To treat people the way you want to be treated. It’s true of any profession and in all walks of life.


Austin Aguilar, RN
Psychiatric ICU, Della Martin Center
Huntington Hospital, Pasadena

What do you love about your specialty?

Psychiatric nursing involves a lot of getting to know your patients and seeing how their lives are affected by their mental health. It’s rewarding to see patients stabilize and find new ways to cope, manage and live their lives.

What are some of your professional goals?

I hope to achieve board certification as a psych RN, but I also wish to pursue my master’s in nursing, possibly with a focus on nursing leadership or health administration. Please share a meaningful patient experience. Although there’s been progress since I became an RN, mental illness is still heavily stigmatized, even more so for a child or teen who is trying to fit in and find their identity. I have worked with patients as young as 5, and it’s rewarding to help them recognize that their illness doesn’t make them any less of a person. Some people need help, and that’s okay! No one is perfect.

How has the pandemic influenced your nursing experience?

It’s inspired me to allow myself more time to meditate, decompress and relax. I’ve also been practicing addressing issues right away rather than letting things linger. Sometimes, it’s the small things that need attention right now.

What advice have you really taken to heart during your nursing career?

To trust your colleagues and team. Inpatient psych is unpredictable, with many difficult and complex situations, so it’s important to build trust amongst your team members. Communication and teamwork are vital for the safety of our patients and our peers.


Arturo Arriola, RN
Clinical Shift Manager, Cardiovascular ICU
AHMC Anaheim Regional Medical Center

What do you love about your specialty?

I love getting to see a very sick patient transform into a lively, healthy person. The ever-evolving world of cardiac intervention is also fun. There’s always a new device or gadget to make patients’ lives better.

What are some of your professional goals?

An area where I strive to improve is talking to people. Being able to really talk and listen is a skill that takes time to perfect.

Please share a meaningful patient experience.

My most memorable experience was when my father underwent open heart surgery. It showed me how important communication is — not only with the patient, but also with their family. Nurse and doctor practices can seem strange from the outside looking in. It was an experience I will never forget, and it has made me a stronger nurse.

How has the pandemic influenced your nursing experience?

The pandemic reaffirmed that I chose the right path in life. It has also made me cherish my time with my family and friends. Life is about how we spend the time we have.

What advice have you really taken to heart during your nursing career?

A neuro nurse once told me, “Be the duck.” He explained, “When you see a duck swimming, you think he’s just gliding along effortlessly, but below the waterline, his feet are moving nonstop.” That’s how you need to be: Your mind may be moving nonstop, but patients and families need to see someone who is calm and in control of the situation, so they can stay calm.

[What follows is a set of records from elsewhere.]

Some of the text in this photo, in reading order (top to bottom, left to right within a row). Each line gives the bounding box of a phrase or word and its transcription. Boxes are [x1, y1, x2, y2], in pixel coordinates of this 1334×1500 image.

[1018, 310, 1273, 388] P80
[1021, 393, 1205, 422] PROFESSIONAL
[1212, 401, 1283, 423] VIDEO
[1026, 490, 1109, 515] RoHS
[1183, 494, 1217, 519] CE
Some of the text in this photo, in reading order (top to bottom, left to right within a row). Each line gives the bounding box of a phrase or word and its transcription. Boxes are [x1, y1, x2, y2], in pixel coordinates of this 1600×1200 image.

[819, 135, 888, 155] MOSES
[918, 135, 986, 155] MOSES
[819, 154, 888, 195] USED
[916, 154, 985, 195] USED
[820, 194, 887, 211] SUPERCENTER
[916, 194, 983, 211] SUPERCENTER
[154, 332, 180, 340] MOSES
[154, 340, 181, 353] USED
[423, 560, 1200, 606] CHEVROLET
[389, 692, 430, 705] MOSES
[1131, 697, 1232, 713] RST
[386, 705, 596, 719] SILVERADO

Erwin James Padolina Balingasa, RN, BSN
MICU/Neurology
Prime Healthcare – Centinela Hospital Medical Center, Inglewood

What do you love about your specialty?

I love being able to see a patient go from a poor prognosis to being alive and awake. Working in MICU has also changed how I see nursing. I’ve seen ICU nurses call the doctor to give orders and recommend plans, working side-by-side with the M.D. or NP.

What are some of your professional goals?

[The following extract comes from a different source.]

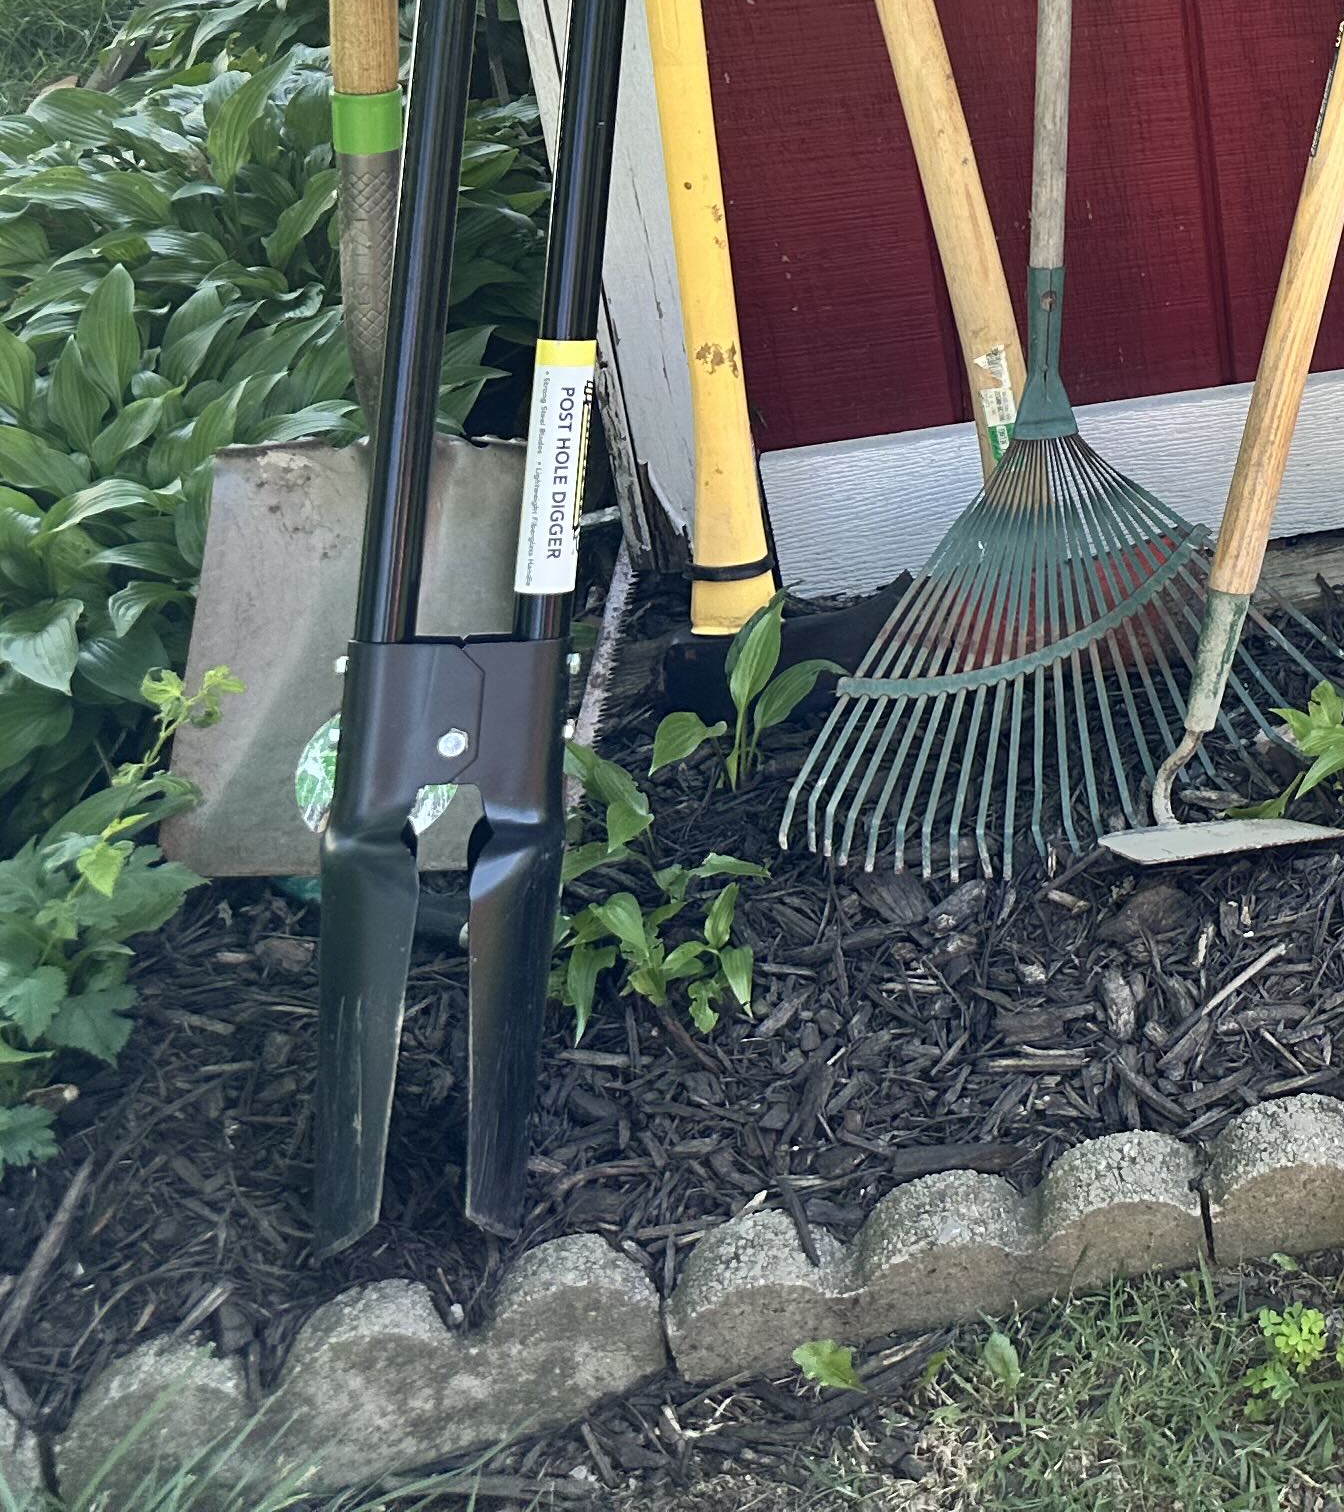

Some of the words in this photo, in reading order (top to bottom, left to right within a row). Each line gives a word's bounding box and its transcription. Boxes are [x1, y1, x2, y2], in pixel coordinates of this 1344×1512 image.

To be able to handle all kinds of critical care cases and make the right choices to help the patient with the knowledge and confidence of an experienced nurse.

Please share a meaningful patient experience.

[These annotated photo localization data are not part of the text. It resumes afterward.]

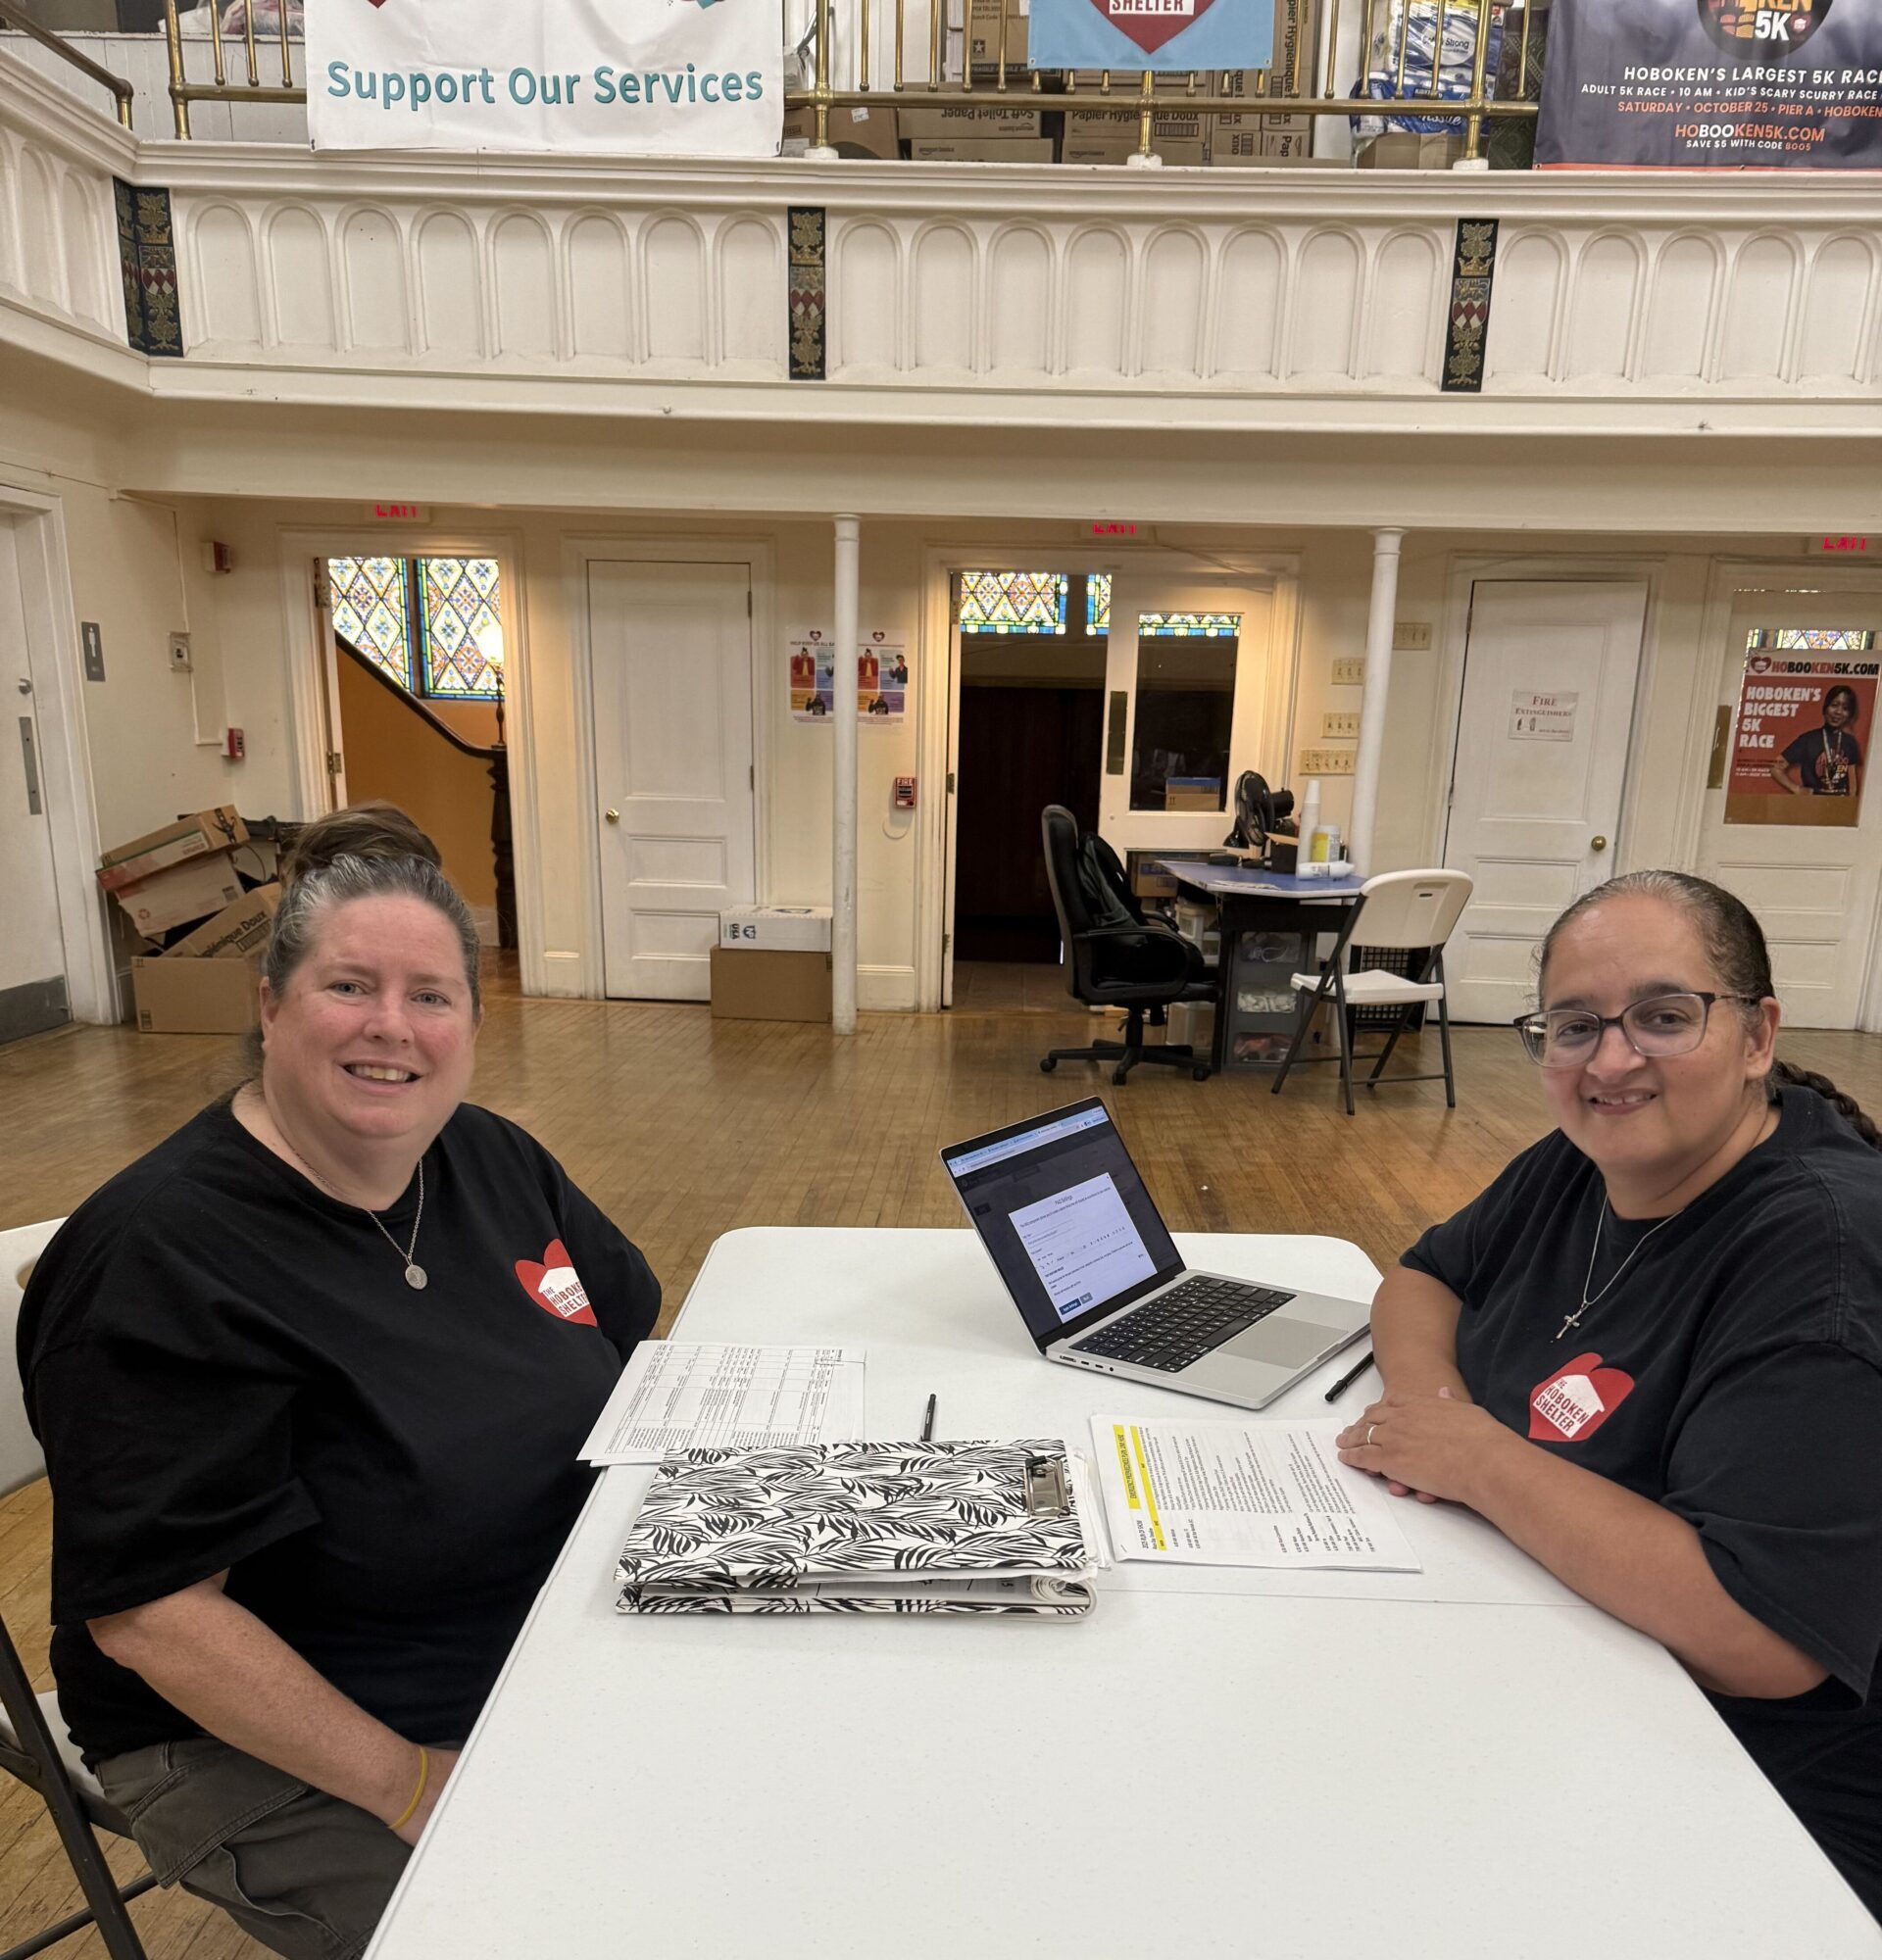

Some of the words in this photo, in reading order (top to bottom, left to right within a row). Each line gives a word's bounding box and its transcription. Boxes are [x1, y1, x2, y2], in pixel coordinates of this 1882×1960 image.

[1112, 0, 1184, 11] SHELTER
[1755, 10, 1792, 40] 5K
[1445, 38, 1469, 50] Strong
[1624, 67, 1726, 81] HOBOKEN'S
[1732, 67, 1807, 84] LARGEST
[1813, 70, 1835, 84] 5K
[327, 61, 495, 112] Support
[509, 67, 580, 105] Our
[594, 63, 763, 104] Services
[1581, 84, 1616, 95] ADULT
[1619, 85, 1633, 96] 5K
[1637, 86, 1666, 97] RACE
[1679, 87, 1691, 97] 10
[1694, 87, 1712, 97] AM
[1725, 86, 1758, 97] KID'S
[1760, 87, 1796, 99] SCARY
[1800, 90, 1845, 101] SCURRY
[1848, 90, 1877, 100] RACE
[977, 107, 1009, 121] Toilet
[1011, 107, 1034, 119] Soft
[1617, 101, 1683, 114] SATURDAY
[1694, 101, 1752, 114] OCTOBER
[1755, 102, 1768, 114] 25
[1778, 104, 1804, 116] PIER
[1806, 105, 1813, 116] A
[1171, 110, 1199, 122] Doux
[1675, 123, 1825, 142] HOBOOKEN5K.COM
[1231, 133, 1241, 156] oux
[1686, 139, 1711, 148] SAVE
[1714, 140, 1727, 149] $5
[1730, 139, 1755, 148] WITH
[1758, 141, 1782, 150] CODE
[1771, 661, 1880, 675] HOBOOKEN5K.COM
[1532, 695, 1558, 707] FIRE
[1747, 687, 1821, 701] HOBOKEN'S
[1745, 703, 1799, 716] BIGGEST
[1742, 718, 1761, 732] 5K
[1740, 734, 1774, 748] RACE
[542, 1286, 556, 1298] THE
[551, 1282, 582, 1305] HOBOKE
[1557, 1378, 1567, 1389] THE
[1545, 1385, 1589, 1424] HOBOKEN
[1535, 1395, 1575, 1432] SHELTER

I had a patient admitted for brain cancer. After spending two shifts with him, I came to know him and his life. He knew his time was coming, but he was ready and happy. All I could do was be there for him. It’s crazy to think how much you can learn and experience in just 24 hours with a person. This humbling experience reminded me to enjoy the life I have.

How has the pandemic influenced your nursing experience?

My nursing experience was born during the pandemic. I had just finished my degree from West Coast University in 2020, and was thrown into the fire as a new grad. In some ways, I appreciate that it allowed me to grow up as a nurse. I had to step up.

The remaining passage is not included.